(EXERCISE PROMPT)
Please write out all the entries exactly, without the pictures.

STUDY MATERIAL START

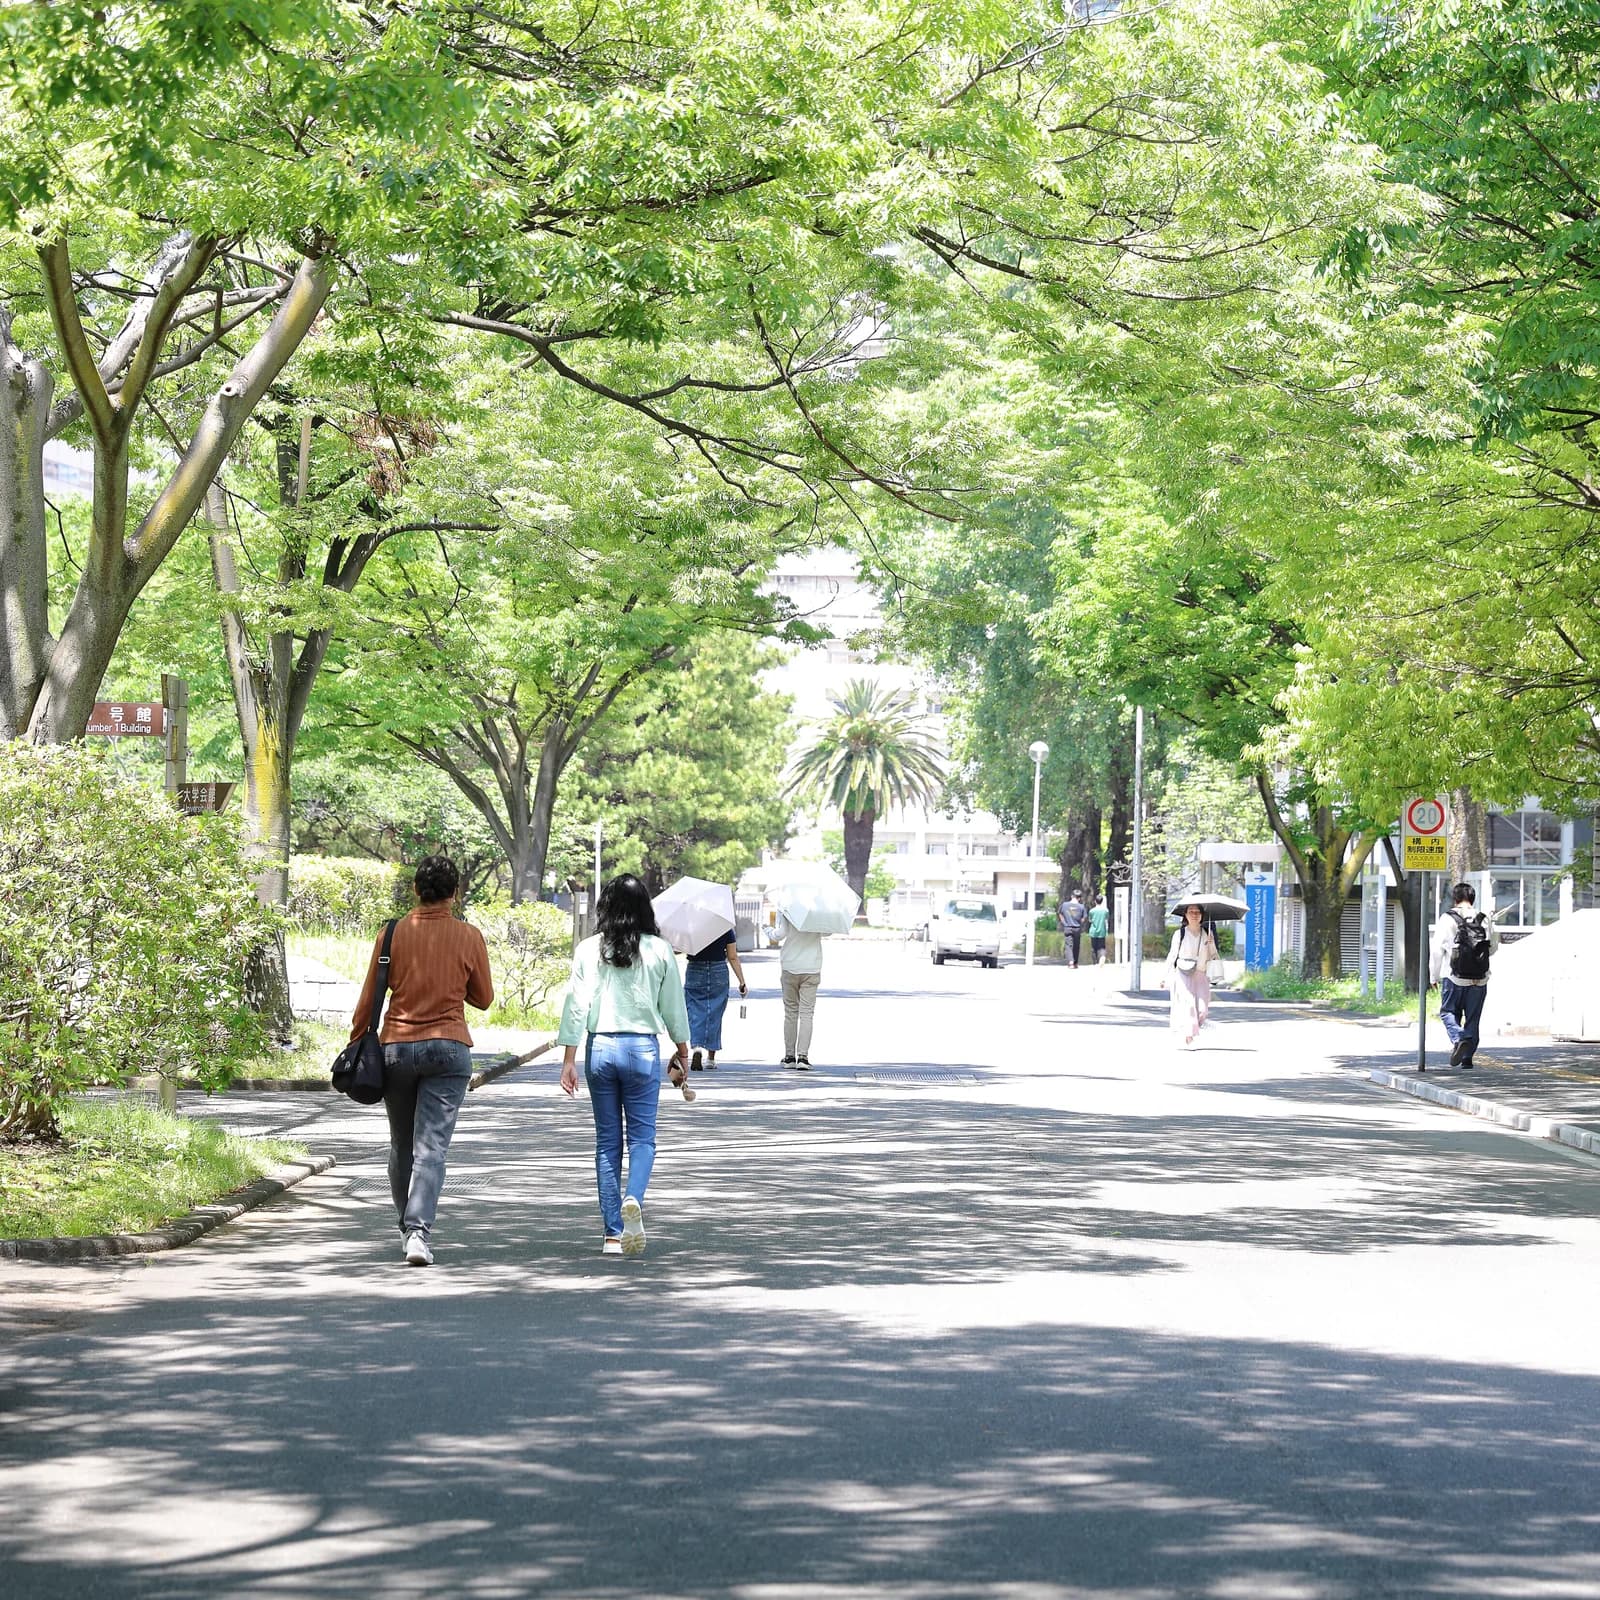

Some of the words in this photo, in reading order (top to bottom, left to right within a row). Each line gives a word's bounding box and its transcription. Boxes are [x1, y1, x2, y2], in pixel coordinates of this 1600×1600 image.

[89, 706, 152, 722] 号館
[120, 723, 151, 733] Building
[1417, 807, 1437, 824] 20
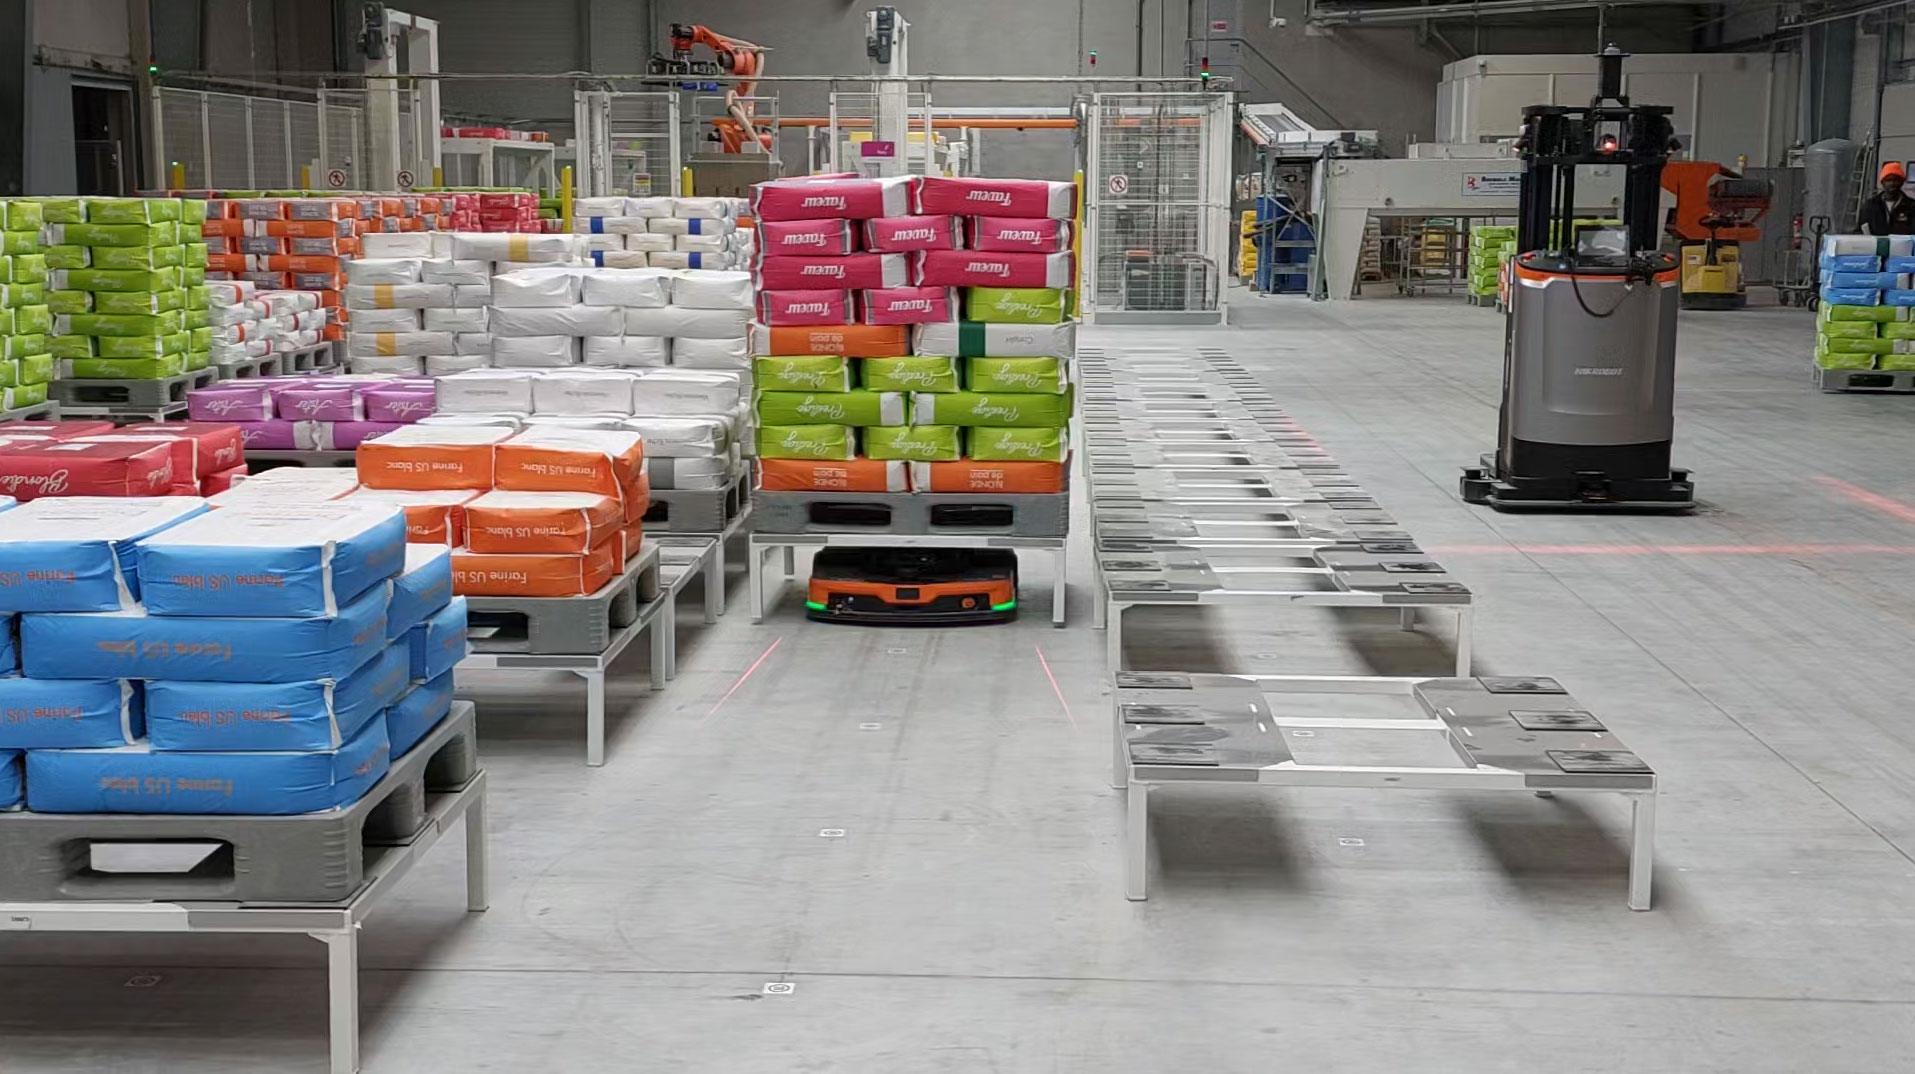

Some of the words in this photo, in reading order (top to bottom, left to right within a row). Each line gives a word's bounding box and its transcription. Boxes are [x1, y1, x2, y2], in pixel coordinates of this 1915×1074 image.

STUDY MATERIAL END

(SOLUTION FOR THIS TASK)
Some of the words in this photo, in reading order (top to bottom, left to right within a row). Each line gives a word's bounding box and its transcription. Boxes are [x1, y1, x2, y2], in pixel coordinates of this 1600×1600 image.

[89, 706, 152, 722] 号館
[120, 723, 151, 733] Building
[1417, 807, 1437, 824] 20

Some of the words in this photo, in reading order (top to bottom, left to right within a row). Each line gives a word's bounding box and its transcription. Boxes are [x1, y1, x2, y2], in pixel coordinates of this 1915×1074 image.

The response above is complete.